It’s after the end of the world! Don’t you know that yet?
It was a pretty remarkable claim to make in the 1970s, but Sun Ra, speaking through North Carolina singer June Tyson, was way ahead of his time. And he was one of the most memorable experiences of my time in New York.
Born in Alabama as Herman Poole Blount in 1934, he later changed his name to Le Sony'r Ra, shortening it to Sun Ra, a reference to the Egyptian god of the sun. It’s hard to adequately describe his contribution to the arts, although Whitman’s “I contain multitudes” is a good place to start.

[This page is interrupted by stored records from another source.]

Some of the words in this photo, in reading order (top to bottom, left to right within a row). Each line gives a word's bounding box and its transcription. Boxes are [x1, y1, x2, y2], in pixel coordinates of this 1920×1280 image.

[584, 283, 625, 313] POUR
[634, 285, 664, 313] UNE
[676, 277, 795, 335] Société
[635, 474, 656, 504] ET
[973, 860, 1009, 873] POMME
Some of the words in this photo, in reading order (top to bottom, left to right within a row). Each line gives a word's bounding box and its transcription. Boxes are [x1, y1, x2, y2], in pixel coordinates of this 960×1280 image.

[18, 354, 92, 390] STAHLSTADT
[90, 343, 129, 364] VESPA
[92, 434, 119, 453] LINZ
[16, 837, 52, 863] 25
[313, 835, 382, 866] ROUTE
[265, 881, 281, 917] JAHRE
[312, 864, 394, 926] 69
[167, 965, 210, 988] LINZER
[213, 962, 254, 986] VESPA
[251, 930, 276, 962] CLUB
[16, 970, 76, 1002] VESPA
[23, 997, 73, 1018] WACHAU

Ra was a piano prodigy, a synthesizer virtuoso, a jazz arranger, a composer, a poet, a vocalist, a visionary, a percussionist and leader of the “Arkestra,” a musical collective, varying in membership, that for decades shared a house in the Germantown section of Philadelphia. He worked with straight-ahead jazz players and big bands there as well as in Chicago and New York, crafting his own incredibly idiosyncratic and wildly eclectic music.

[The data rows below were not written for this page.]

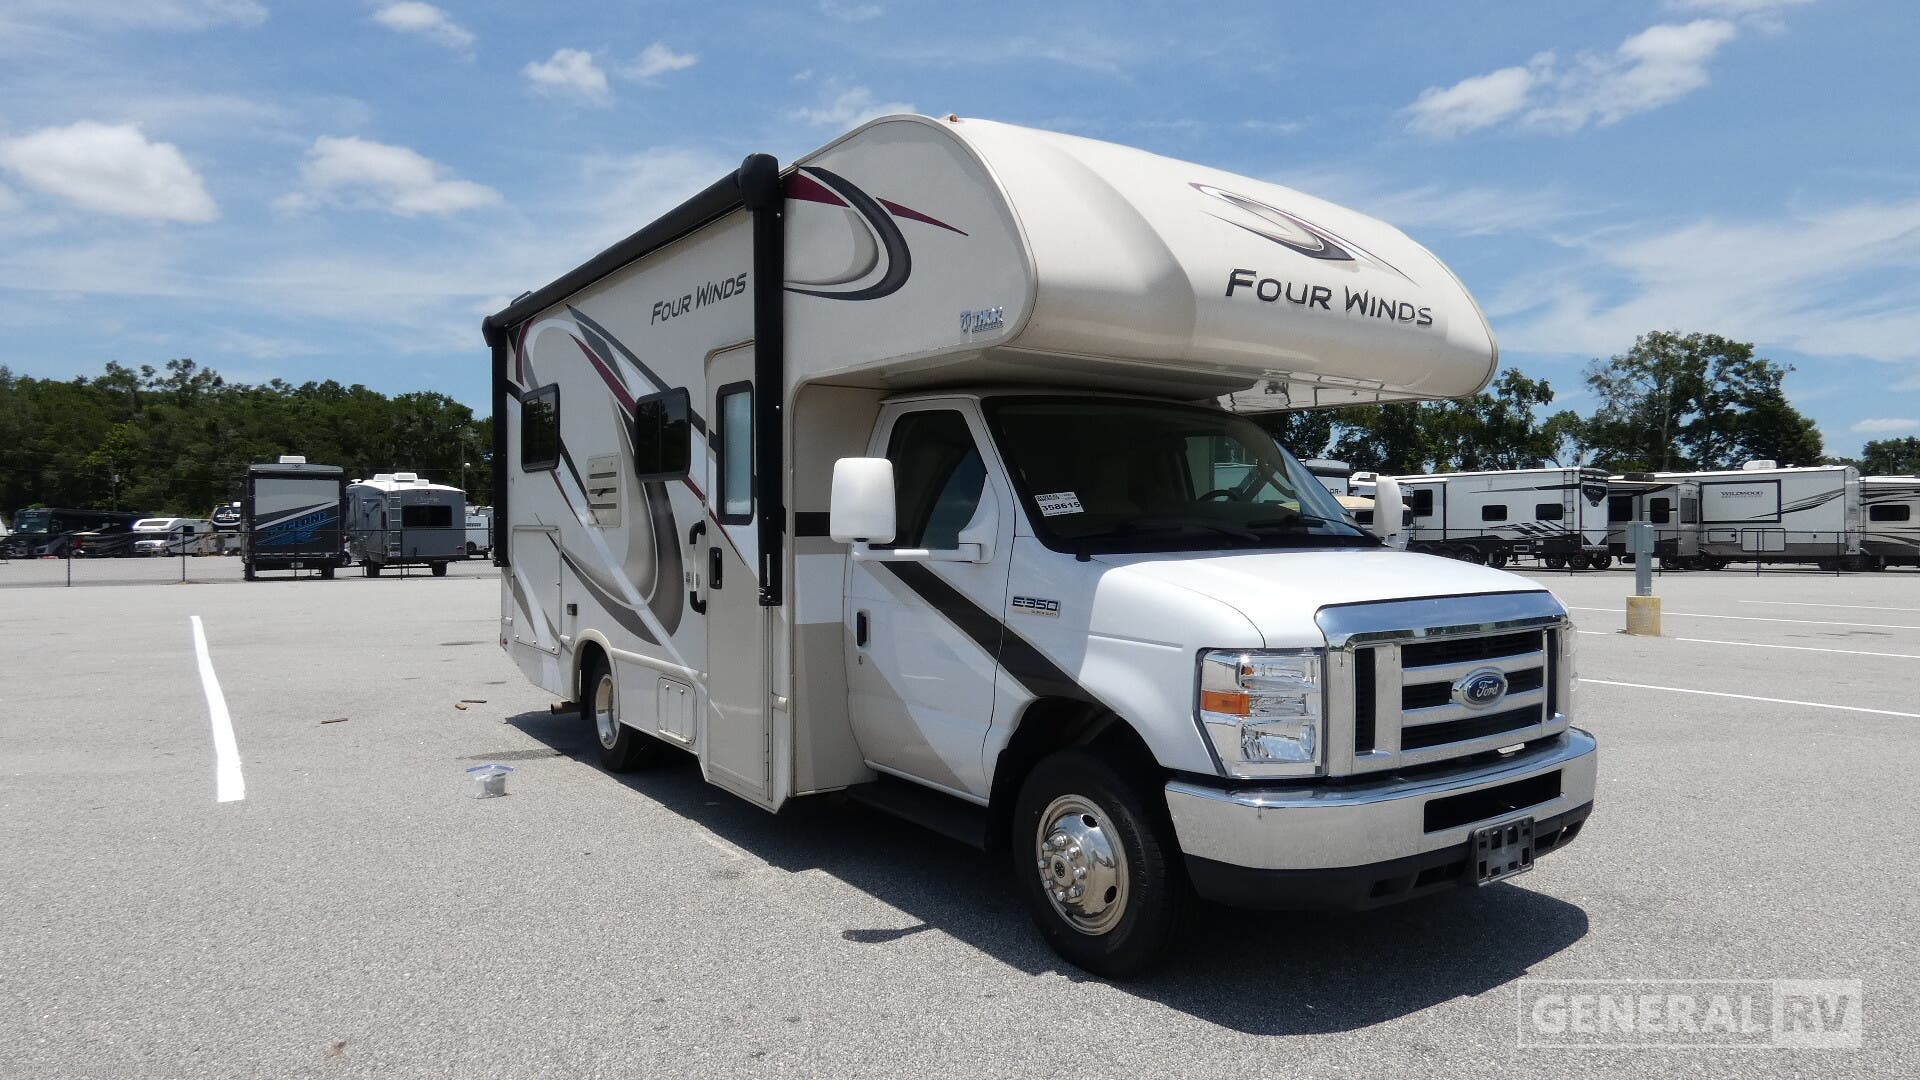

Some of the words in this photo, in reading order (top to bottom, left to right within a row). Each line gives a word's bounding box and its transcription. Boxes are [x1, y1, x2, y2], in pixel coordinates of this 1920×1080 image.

[651, 294, 692, 326] FOUR
[696, 272, 747, 310] WINDS
[1225, 268, 1333, 311] FOUR
[1345, 285, 1433, 325] WINDS
[1041, 501, 1081, 511] 358615
[1476, 680, 1499, 698] Ford

At one point—the year remains in question—he had a visionary experience of being teleported to Saturn, where creatures with little antennae instructed him to speak to the world through music. Later, Ra and members of the band took to wearing shiny, metallic, Egyptian-cum-science fiction costumes, never taking themselves too seriously as they pioneered the most outlandish free jazz.
The 62-minute “Sun Ra edit” of the film on VHS. An 82-minute version has since been released.
Space is the Place, the 1974 film version of his album by the same name, is described by The Criterion Channel as “a wild, kaleidoscopic whirl of science fiction, sharp social commentary, goofy pseudo-blaxploitation stylistics, and thrilling concert performance, in which the pharaonic Ra and his Arkestra lead an intergalactic movement to resettle the Black race on their utopian space colony.” That’s a pretty good summation of Ra’s entire career.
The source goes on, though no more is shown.